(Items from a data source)
━━━
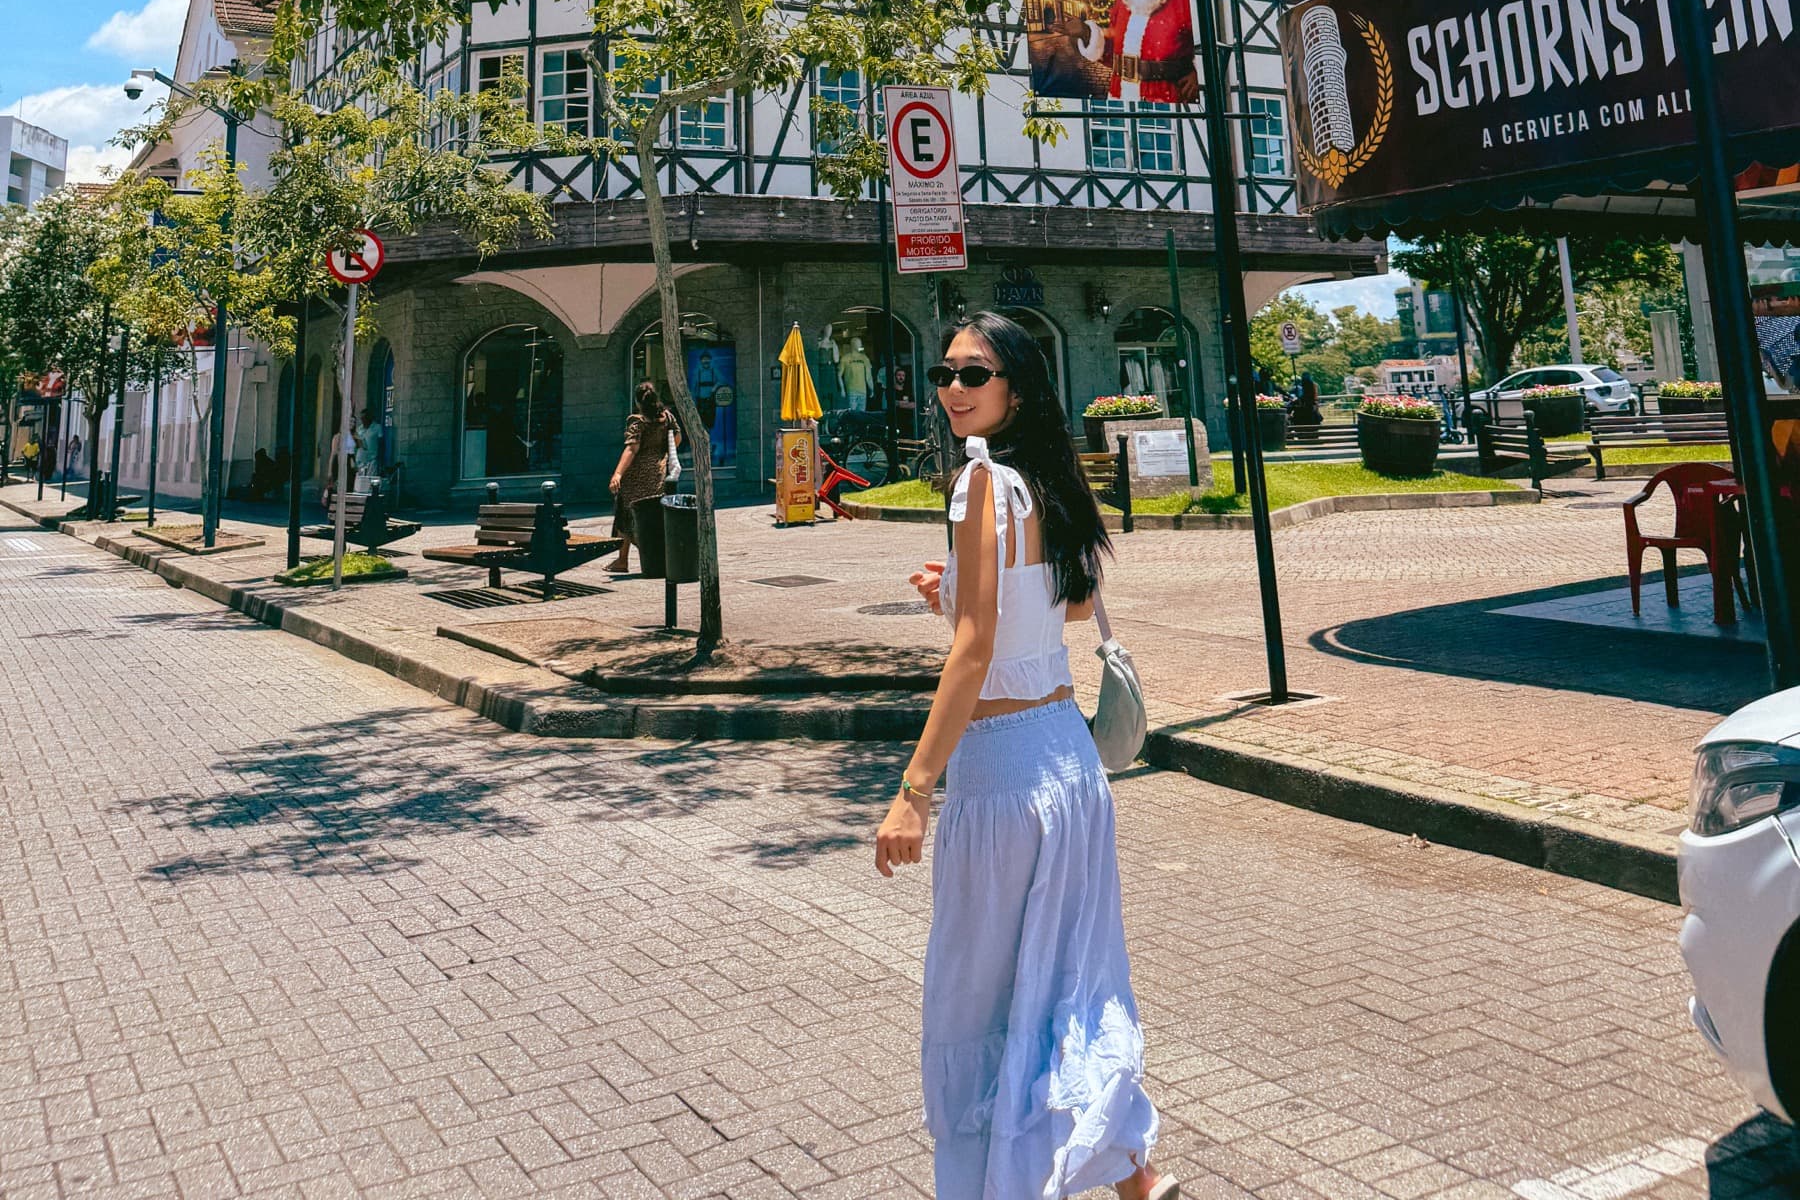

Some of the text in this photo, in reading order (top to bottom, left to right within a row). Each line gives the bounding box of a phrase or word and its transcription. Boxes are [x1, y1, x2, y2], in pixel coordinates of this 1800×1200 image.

[919, 92, 935, 100] AZUL
[1482, 127, 1493, 149] A
[1501, 109, 1589, 145] CERVEJA
[1599, 98, 1645, 127] COM
[910, 118, 934, 161] E
[911, 235, 951, 245] PROIBIDO
[906, 247, 937, 256] MOTOS
[943, 246, 957, 255] 24h
━━━
● WORK REQUEST
What you return must match the data above exactly, with no images included.

● RESPONSE AREA
Some of the text in this photo, in reading order (top to bottom, left to right within a row). Each line gives the bounding box of a phrase or word and its transcription. Boxes are [x1, y1, x2, y2], in pixel coordinates of this 1800×1200 image.

[919, 92, 935, 100] AZUL
[1482, 127, 1493, 149] A
[1501, 109, 1589, 145] CERVEJA
[1599, 98, 1645, 127] COM
[910, 118, 934, 161] E
[911, 235, 951, 245] PROIBIDO
[906, 247, 937, 256] MOTOS
[943, 246, 957, 255] 24h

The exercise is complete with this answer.